* _Required action_
All of the records below are to be copied exactly.

[Saved entries]
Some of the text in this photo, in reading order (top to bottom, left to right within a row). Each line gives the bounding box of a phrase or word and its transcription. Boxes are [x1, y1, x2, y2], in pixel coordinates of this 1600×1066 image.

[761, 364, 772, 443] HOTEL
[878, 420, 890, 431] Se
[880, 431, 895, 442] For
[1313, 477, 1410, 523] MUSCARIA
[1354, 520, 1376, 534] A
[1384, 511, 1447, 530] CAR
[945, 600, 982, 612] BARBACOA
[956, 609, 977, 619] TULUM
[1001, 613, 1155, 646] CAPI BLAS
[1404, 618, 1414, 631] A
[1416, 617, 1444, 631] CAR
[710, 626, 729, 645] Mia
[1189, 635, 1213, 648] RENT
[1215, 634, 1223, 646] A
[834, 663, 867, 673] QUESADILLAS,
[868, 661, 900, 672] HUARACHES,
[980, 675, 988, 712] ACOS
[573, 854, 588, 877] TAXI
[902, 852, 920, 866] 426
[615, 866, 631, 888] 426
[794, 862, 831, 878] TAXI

* _Solution for this task_
Some of the text in this photo, in reading order (top to bottom, left to right within a row). Each line gives the bounding box of a phrase or word and its transcription. Boxes are [x1, y1, x2, y2], in pixel coordinates of this 1600×1066 image.

[761, 364, 772, 443] HOTEL
[878, 420, 890, 431] Se
[880, 431, 895, 442] For
[1313, 477, 1410, 523] MUSCARIA
[1354, 520, 1376, 534] A
[1384, 511, 1447, 530] CAR
[945, 600, 982, 612] BARBACOA
[956, 609, 977, 619] TULUM
[1001, 613, 1155, 646] CAPI BLAS
[1404, 618, 1414, 631] A
[1416, 617, 1444, 631] CAR
[710, 626, 729, 645] Mia
[1189, 635, 1213, 648] RENT
[1215, 634, 1223, 646] A
[834, 663, 867, 673] QUESADILLAS,
[868, 661, 900, 672] HUARACHES,
[980, 675, 988, 712] ACOS
[573, 854, 588, 877] TAXI
[902, 852, 920, 866] 426
[615, 866, 631, 888] 426
[794, 862, 831, 878] TAXI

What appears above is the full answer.